What is granulomatosis with polyangiitis (GPA) ?
Granulomatosis with polyangiitis (GPA) (previously known as Wegener’s granulomatosis) is a rare disease that affects the upper respiratory tract (sinuses, ears, nose and throat), lungs, kidneys, eyes, skin and other body organs.
As with most types of vasculitis, we do not know exactly what causes the disease to develop.
How common is it?
The exact frequency in children is not known, but it can and does occur at any age, including in children. It is slightly more common in males than females.
How is it diagnosed?
Granulomatosis with polyangiitis (GPA) is usually diagnosed by looking at a child’s history of symptoms and with a physical examination. It is diagnosed by the symptoms present and a positive blood test result for a marker called ANCA (anti-neutrophil cytoplasmic antibodies).
What are the symptoms?
- Ears, nose and throat
Nosebleeds are common along with crusting of blood and mucus in the nose, and sinusitis
Recurrent ear infections and possible hearing loss can occur
- General health
A fever or high temperature with weight loss, tummy pain, and joint pains
Chest pains and coughing, bringing up blood at times
Can be affected, shown by abnormal urine tests and/or high blood pressure when measured
How is it treated?
The treatment is with steroids and an immunosuppressant drug, usually cyclophosphamide or mycophenolate mofetil which dampens down the body’s immune system. The child will also be asked to take a regular long-term antibiotic to help prevent infections. The possibility of joining in with a clinical trial may be offered. More information about these medicines is available in our general vasculitis information sheet.

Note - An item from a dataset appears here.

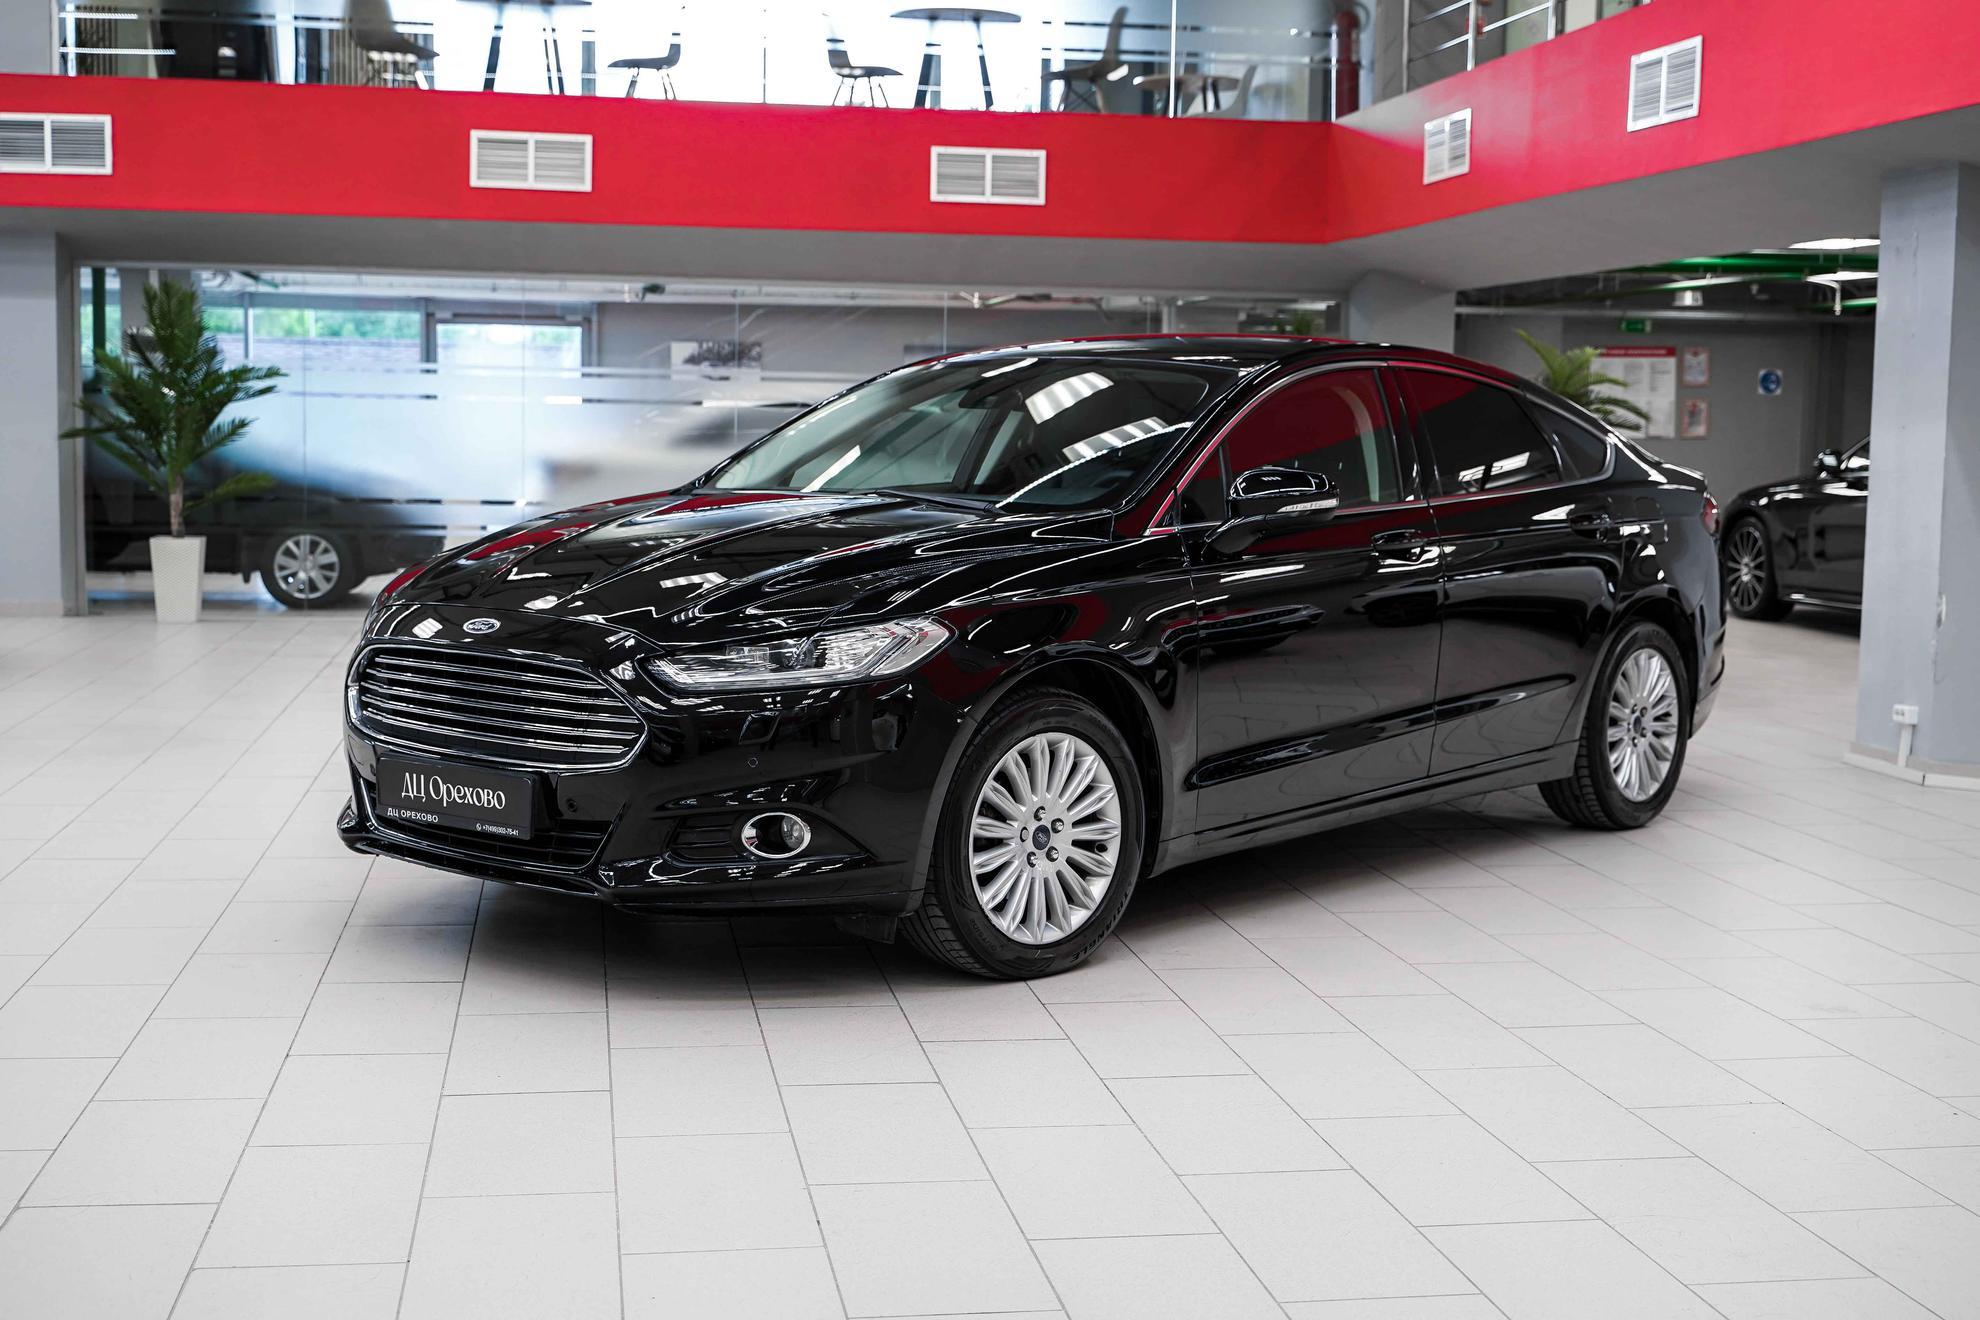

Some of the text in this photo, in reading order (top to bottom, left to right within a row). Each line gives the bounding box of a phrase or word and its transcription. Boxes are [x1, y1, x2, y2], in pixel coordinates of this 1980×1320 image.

[401, 772, 505, 809] ДЦ Орехово
[387, 807, 439, 823] ДЦ ОРЕХОВО

What is the outlook for children with GPA?
The key to a good outcome is early diagnosis, but GPA is still a serious disease with a small risk of death in some patients.
If a child receives treatment early, the overall outlook is good, however. Once he or she goes into remission (the disease gets better) and the treatment is reduced, about half of children with the disease may have a relapse (the disease returns).
Most children and adolescents lead normal lives but will have to continue to see their doctor regularly to check for signs of a relapse, take their medicines regularly, and have blood tests every few months. The outlook for children whose kidneys have been affected varies from child to child, depending on the level of damage sustained.